··· Given data ···

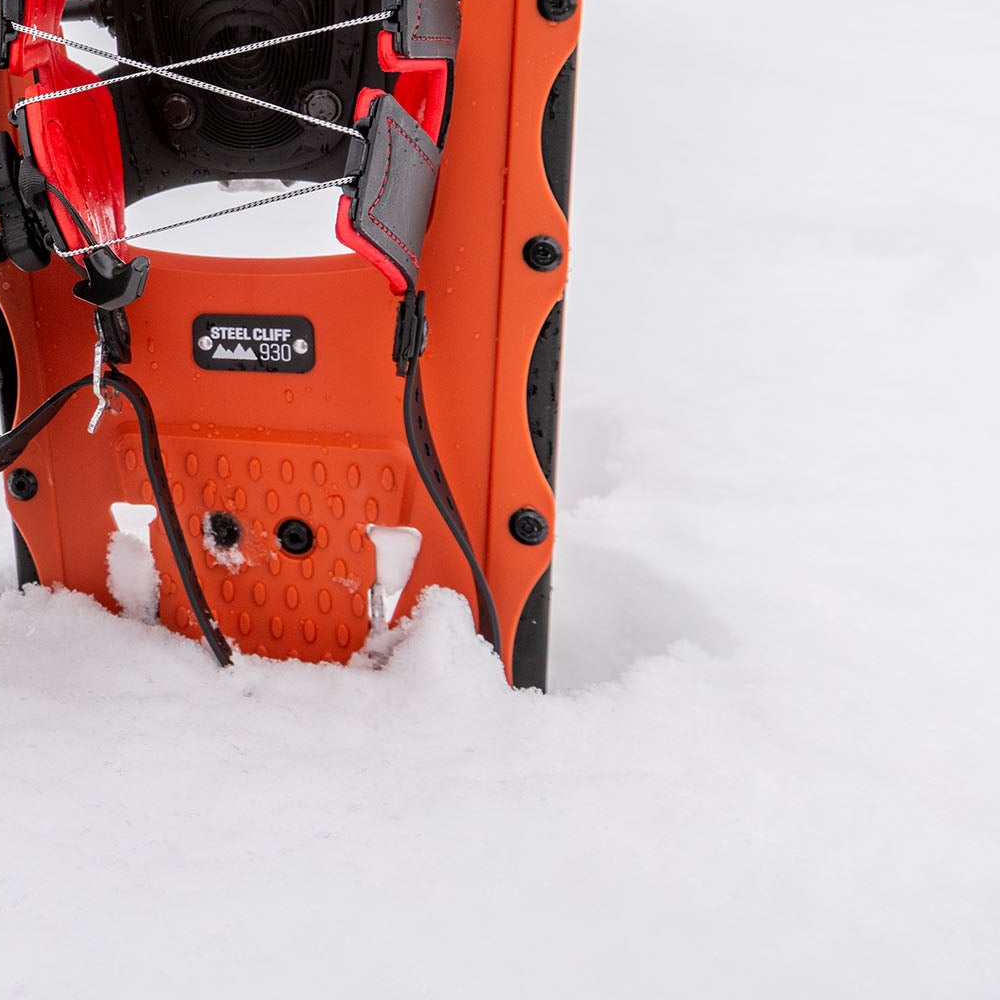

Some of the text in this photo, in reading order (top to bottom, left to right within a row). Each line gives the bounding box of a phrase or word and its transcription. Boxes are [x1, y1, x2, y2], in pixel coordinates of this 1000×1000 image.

[210, 326, 291, 342] STEEL CLIFF
[260, 343, 292, 362] 930
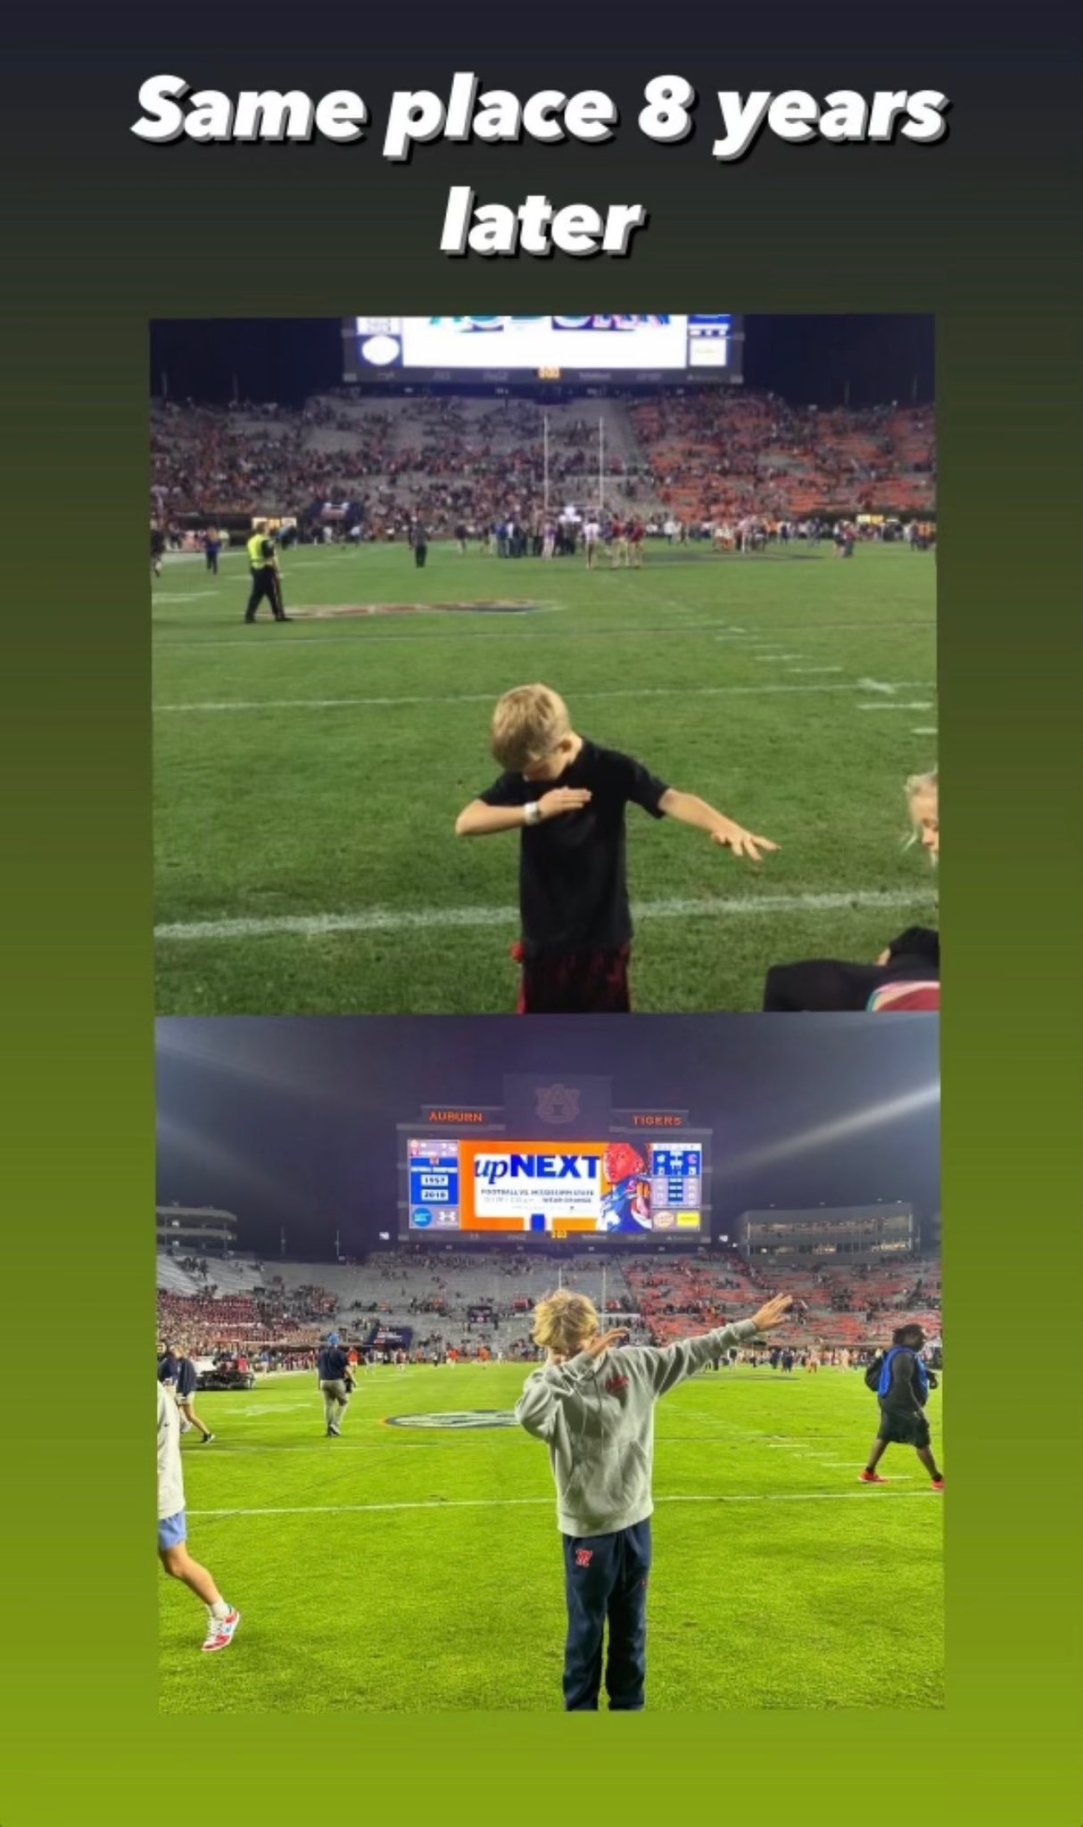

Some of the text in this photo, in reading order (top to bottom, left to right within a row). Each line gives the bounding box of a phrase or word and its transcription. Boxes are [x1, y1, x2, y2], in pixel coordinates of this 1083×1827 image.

[429, 1111, 482, 1122] AUBURN
[633, 1115, 682, 1126] TIGERS
[475, 1155, 600, 1185] upNEXT
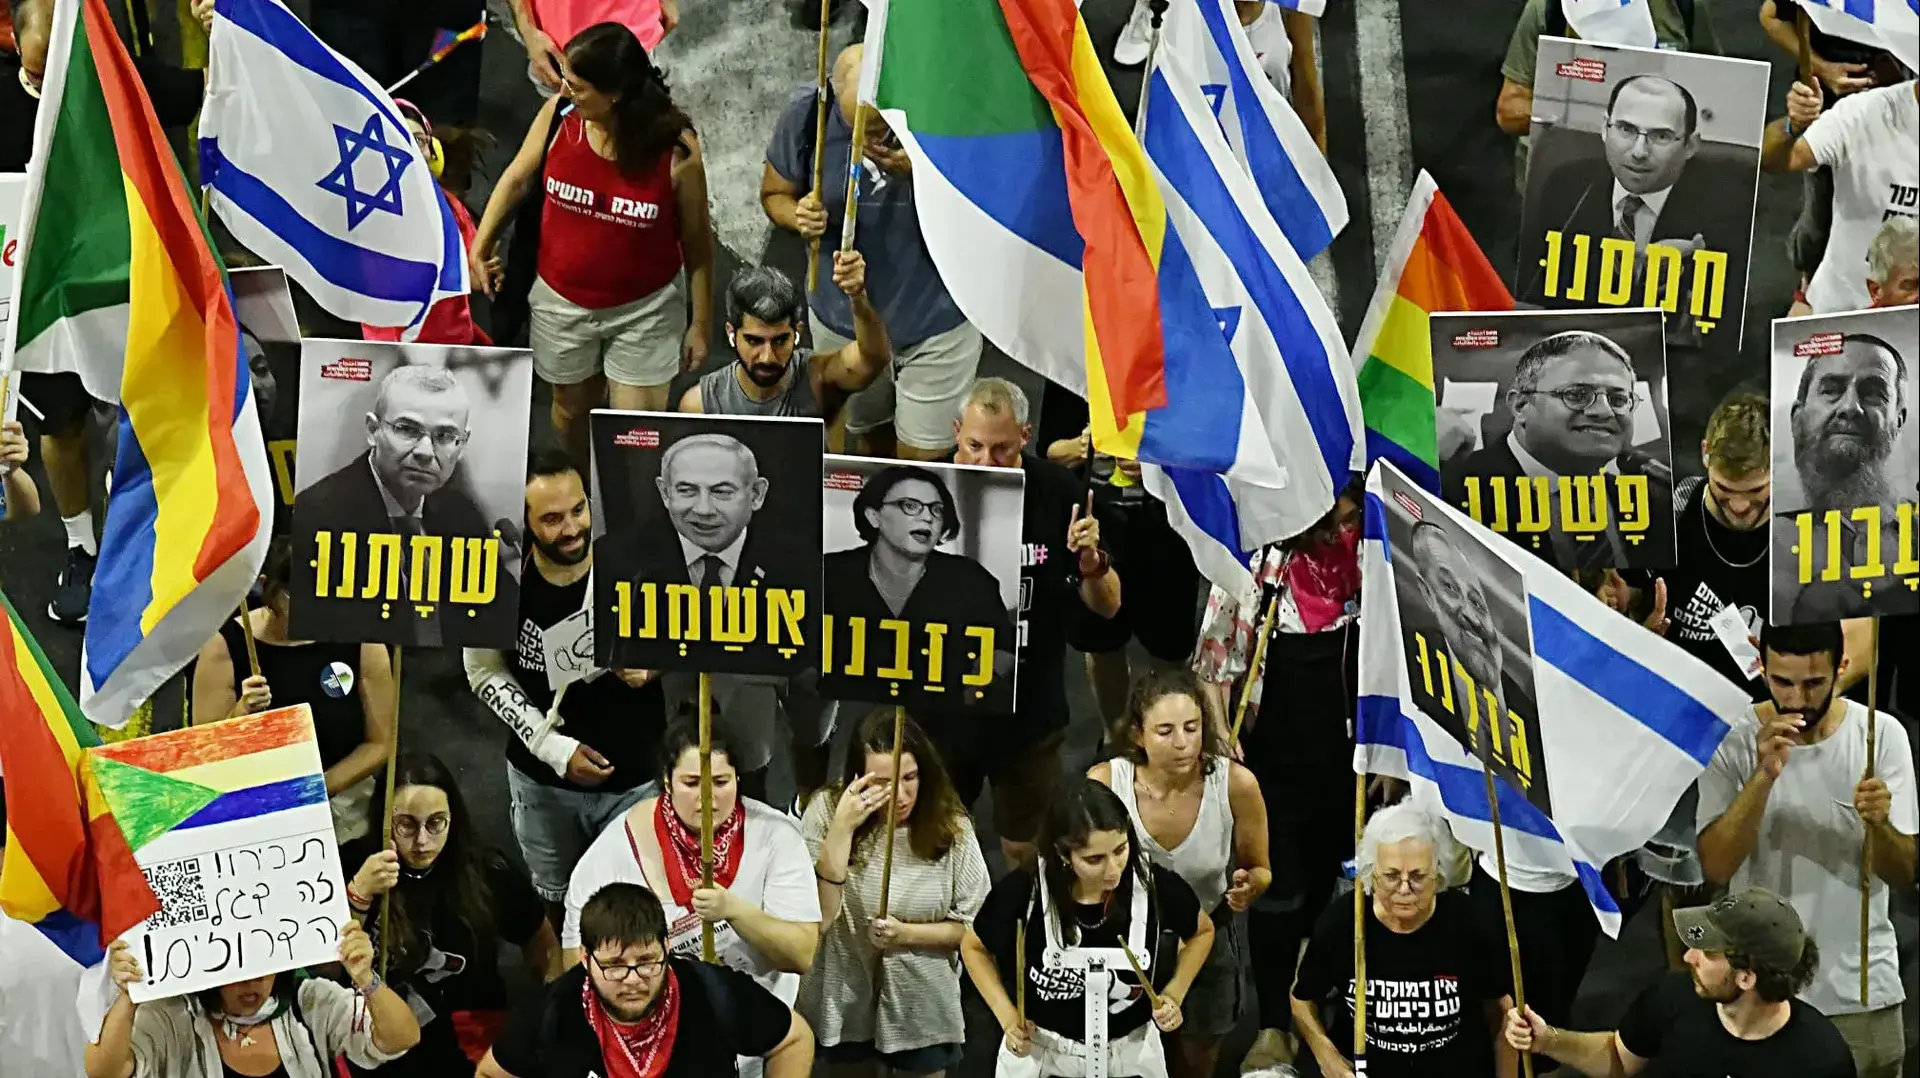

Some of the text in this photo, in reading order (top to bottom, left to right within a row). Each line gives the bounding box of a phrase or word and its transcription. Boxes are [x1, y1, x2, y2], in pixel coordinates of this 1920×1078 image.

···

• **Problem description**:
The material above is to be output exactly, with each picture left out.

• **Task response**:
Some of the text in this photo, in reading order (top to bottom, left to right within a row). Each line gives the bounding box of a phrase or word and its transcription. Boxes are [x1, y1, x2, y2], in pixel coordinates of this 1000×1000 image.

[210, 326, 291, 342] STEEL CLIFF
[260, 343, 292, 362] 930

Some of the text in this photo, in reading order (top to bottom, left to right within a row). Each line gives the bounding box of a phrase or word and its transcription. Boxes are [x1, y1, x2, y2], in pixel coordinates of this 1083×1827 image.

[429, 1111, 482, 1122] AUBURN
[633, 1115, 682, 1126] TIGERS
[475, 1155, 600, 1185] upNEXT

Some of the text in this photo, in reading order (top to bottom, left to right within a row). Each line gives the bounding box of a phrase or word and its transcription. Boxes are [x1, y1, x2, y2], in pixel coordinates of this 1920×1078 image.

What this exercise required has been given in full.